In India too, the after effects of this consolidation were palpable. While the Glaxo–SmithKline and Pfizer–Parke Davis (as Warner Lambert is known in India) integration is yet to get underway, Aventis consolidated its interest in India by selling off Rhone Poulenc to Nicholas Piramal.
Indian companies too got into the act. Dr. Reddy’s announced the takeover of American Remedies and a merger with its sister concern Cheminor Laboratories. Kopran and Alembic also announced the integration of their group companies. Wockhardt’s demerger of its pharmaceutical and agrochemical operations also took effect in the current year. (Wockhardt Life Science was however, one of the worst performers of 2000 as its share price dropped almost 87% from its peak of Rs 263 to Rs 35 currently.)
Coming to the operations, most of the MNC pharma companies rationalised their field forces, sold off their real estate and consolidated operations in India.
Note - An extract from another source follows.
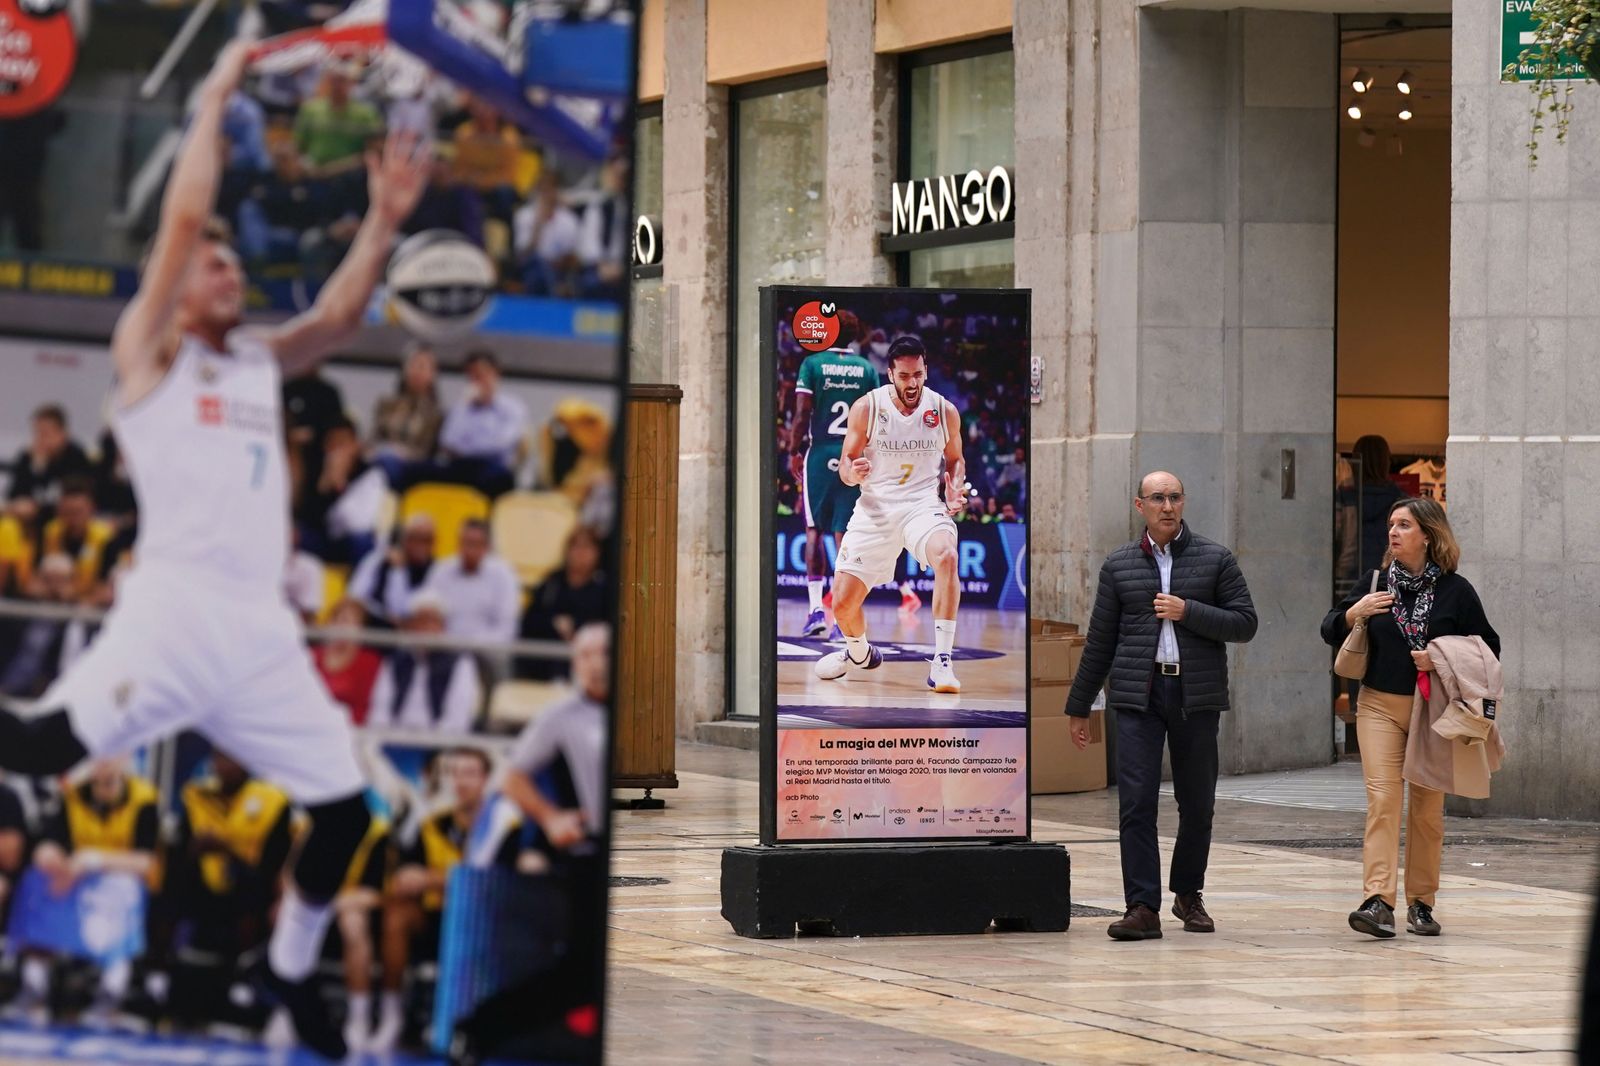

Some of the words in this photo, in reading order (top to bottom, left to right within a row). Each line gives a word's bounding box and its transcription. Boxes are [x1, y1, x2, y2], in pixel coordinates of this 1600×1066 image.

Glaxo, for instance sold off its tail-end brands as did Hoechst. Indian pharma companies, on the contrary expanded their R & D set ups, filed abbreviated new drug applications (ANDA) to cater to the generic market overseas and bought brands from smaller companies in India.
||Reckitt & Colman
|Natamox, Coldact, Splanz, Zofer
|Macraberin, Multivite FM
|Dinoripe Gel, Deviprost, PG Tab
||Dai Ichi Karkaria
The markets gave a thumbs up to these initiatives with the result that the valuations of the top Indian companies viz. Ranbaxy, Cipla and Dr. Reddy’s match their multinational peers. That however, puts added pressure on these companies to deliver topline growth via the overseas market. One of the fastest growing companies in the domestic market Sun Pharma, for instance, found the losses of its US affiliate Caraco affecting its domestic valuations. In this regard, Cipla’s strategy is worth mentioning. The company plans to effect the exports of its anti–ulcer bulk drug omeprazole to the US market via its partner Andryx Corporation without establishing an expensive distribution chain.
The next year could be critical for Indian companies as they try to move up the pharmaceutical value chain. With a generic market worth over $ 7 bn emerging in the US, 2001 could prove whether Indian companies are able to use their reverse engineering skills and relative lower cost of production to compete in the international market. Domestic growth would however, be driven by introduction of new products in the faster growing therapeutic areas such as anti–diabetes, cardiovascular, cholesterol reducers rather than antibiotics, tonics and mineral supplements.
The valuations of MNC pharma companies could be driven by the stand their international parent’s adopt on the introduction of new products in India. These companies already have products in the faster growing therapeutic areas but their parents have been loath to introducing them in India citing weak patent laws. An unwanted side effect of the global consolidation is that almost every MNC pharma company has ended up with a 100% subsidiary. There is an apprehension that new products would be introduced through these wholly owned subsidiaries rather than through the listed company. And since for a pharmaceutical company, anywhere between 25 % – 40 % of the turnover accrues from new products introduced over the last three years, it would imply a stagnating topline for the listed companies, a couple of years down the line. The relatively higher valuations that MNC pharma companies have enjoyed over the last 25 years could then be a thing of the past.